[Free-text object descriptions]
:::
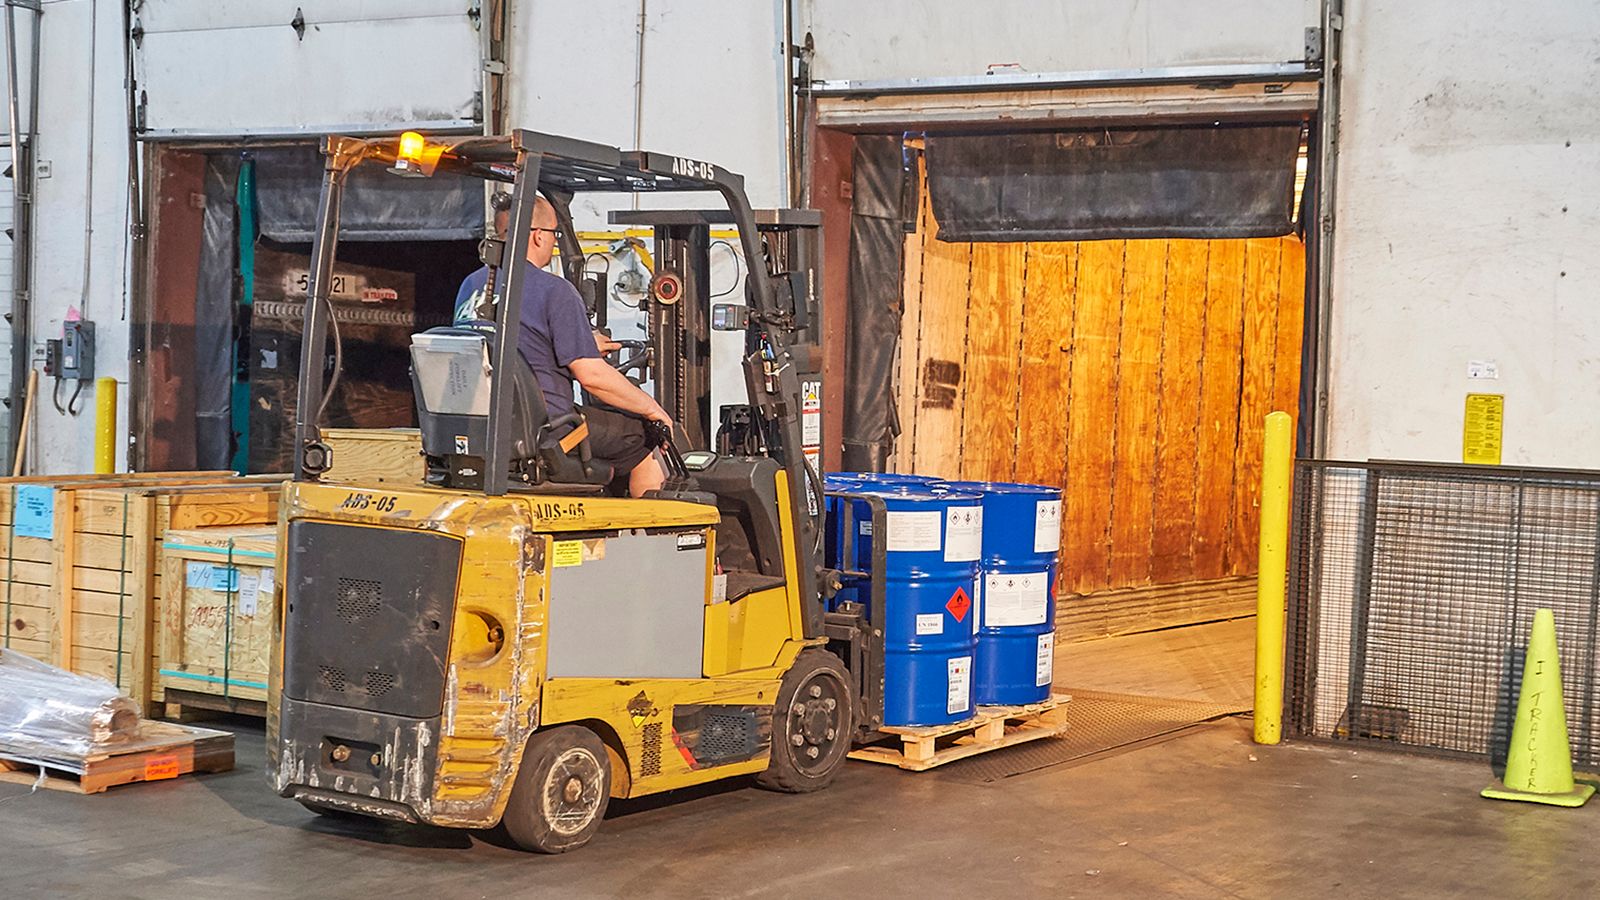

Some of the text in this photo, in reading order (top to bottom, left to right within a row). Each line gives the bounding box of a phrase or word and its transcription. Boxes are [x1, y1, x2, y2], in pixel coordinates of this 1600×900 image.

[672, 157, 714, 180] ADS-05
[802, 381, 820, 401] CAT
[341, 492, 397, 512] ADS-05
[534, 503, 585, 519] ADS-05
[1535, 660, 1544, 675] I
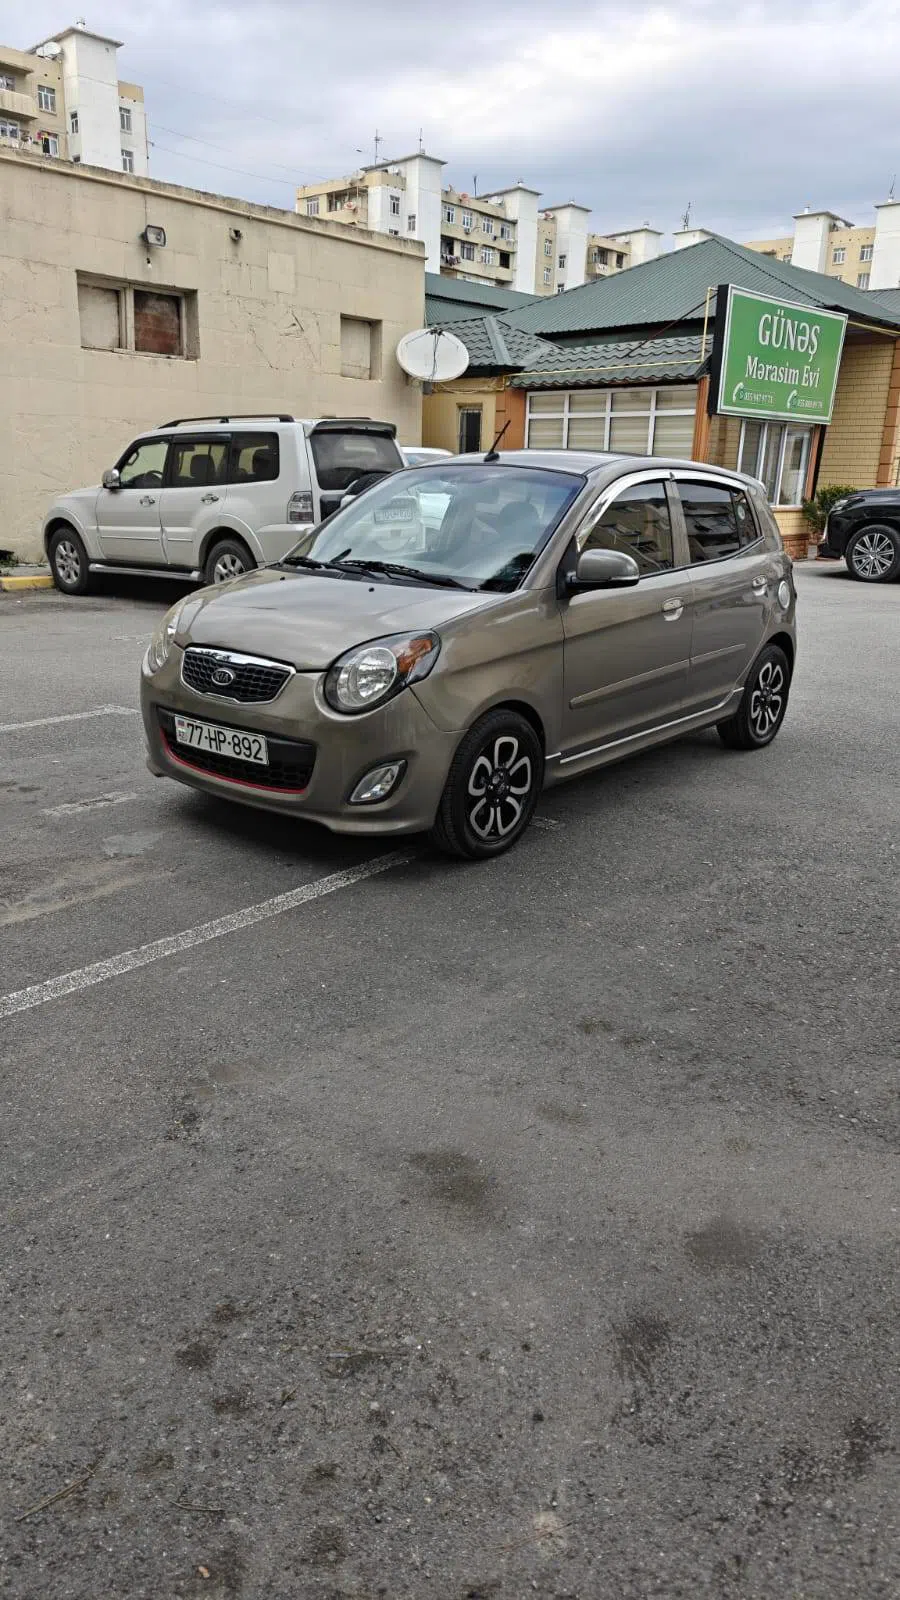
:::
- YOUR GOAL -
What's needed is an exact copy of every entry, minus the pictures.

- EXERCISE OUTPUT -
Some of the text in this photo, in reading order (top to bottom, left to right within a row). Each line gives the bounding box of a phrase or word and its transcription. Boxes are [x1, y1, x2, y2], in pixel coordinates of this 1600×900 image.

[672, 157, 714, 180] ADS-05
[802, 381, 820, 401] CAT
[341, 492, 397, 512] ADS-05
[534, 503, 585, 519] ADS-05
[1535, 660, 1544, 675] I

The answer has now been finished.